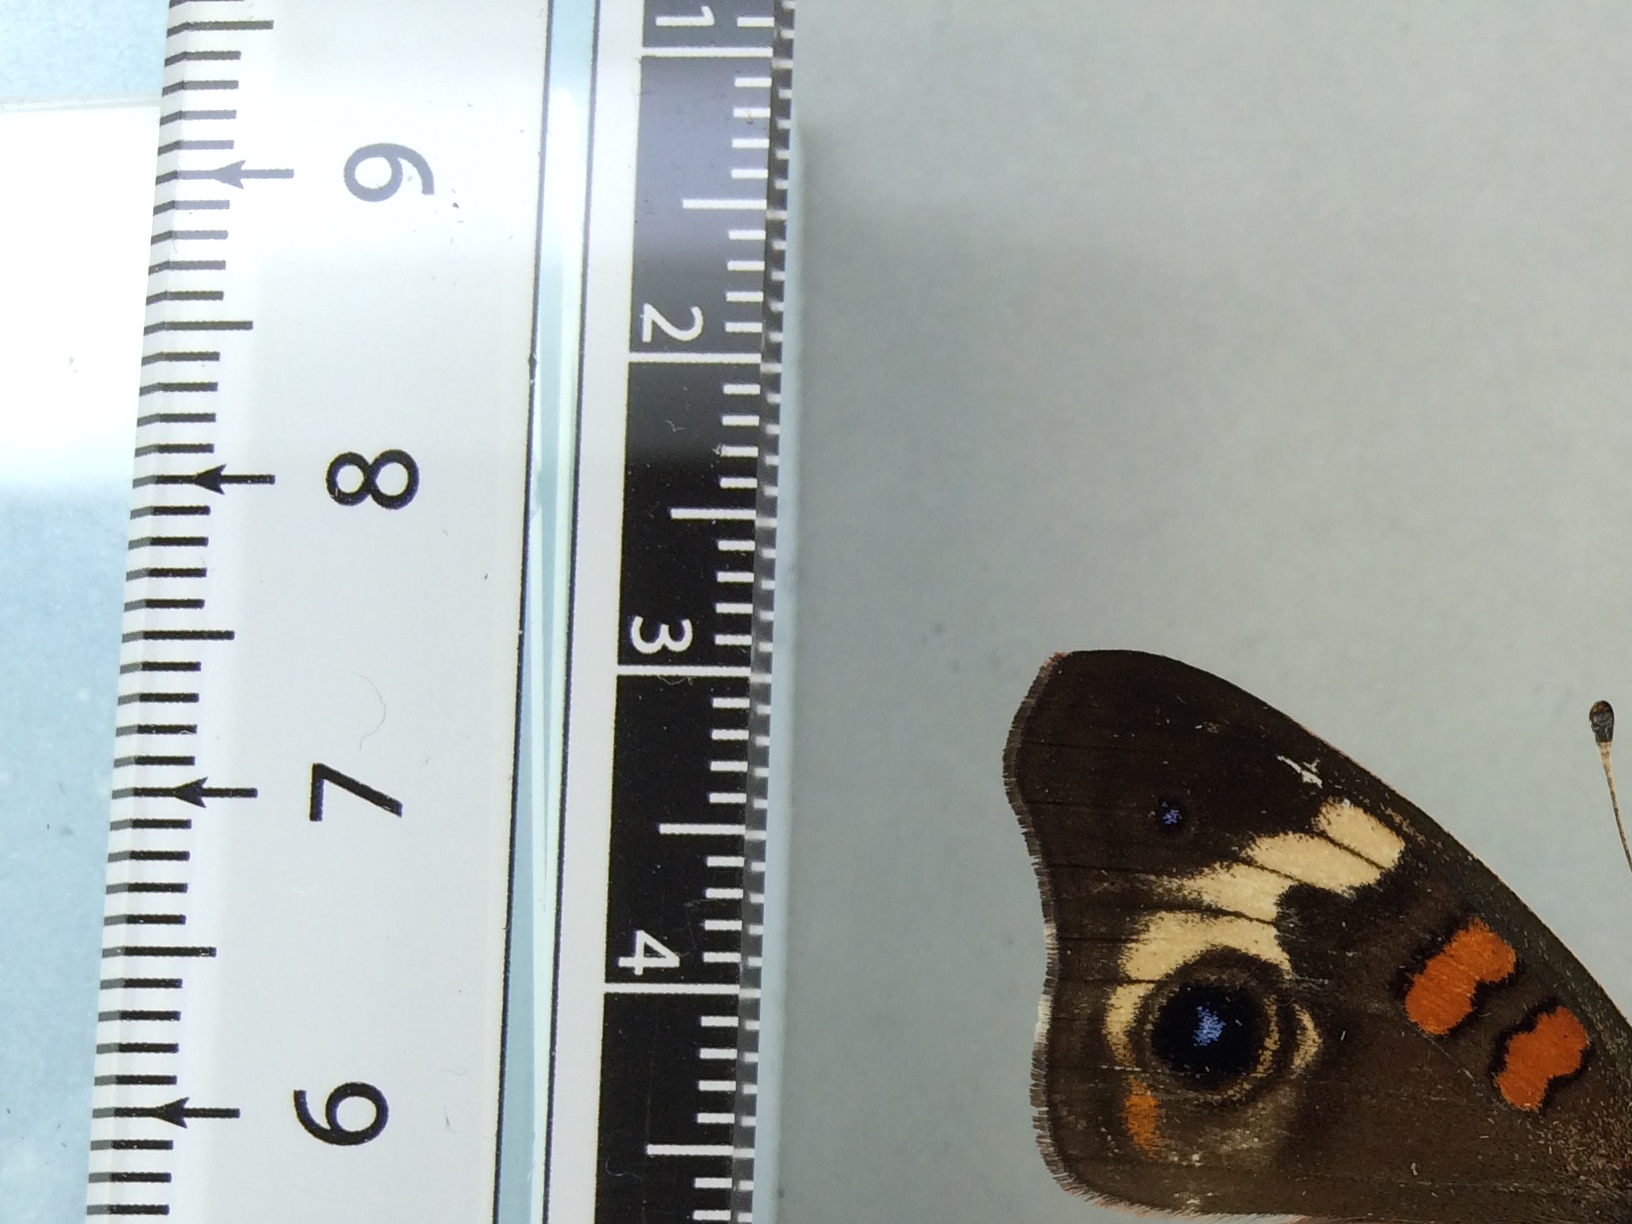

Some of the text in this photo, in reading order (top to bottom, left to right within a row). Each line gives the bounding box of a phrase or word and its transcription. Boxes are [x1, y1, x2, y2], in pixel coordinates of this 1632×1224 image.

[656, 6, 714, 27] 1
[344, 142, 434, 203] 9
[640, 304, 704, 343] 2
[326, 449, 420, 511] 8
[631, 616, 693, 655] 3
[309, 763, 403, 822] 7
[618, 930, 681, 976] 4
[294, 1082, 389, 1147] 6

——

Aim of the exercise: Output the entries exactly and keep every picture out of them.

Result for this task:
Some of the text in this photo, in reading order (top to bottom, left to right within a row). Each line gives the bounding box of a phrase or word and its transcription. Boxes are [x1, y1, x2, y2], in pixel coordinates of this 1632×1224 image.

[656, 6, 714, 27] 1
[344, 142, 434, 203] 9
[640, 304, 704, 343] 2
[326, 449, 420, 511] 8
[631, 616, 693, 655] 3
[309, 763, 403, 822] 7
[618, 930, 681, 976] 4
[294, 1082, 389, 1147] 6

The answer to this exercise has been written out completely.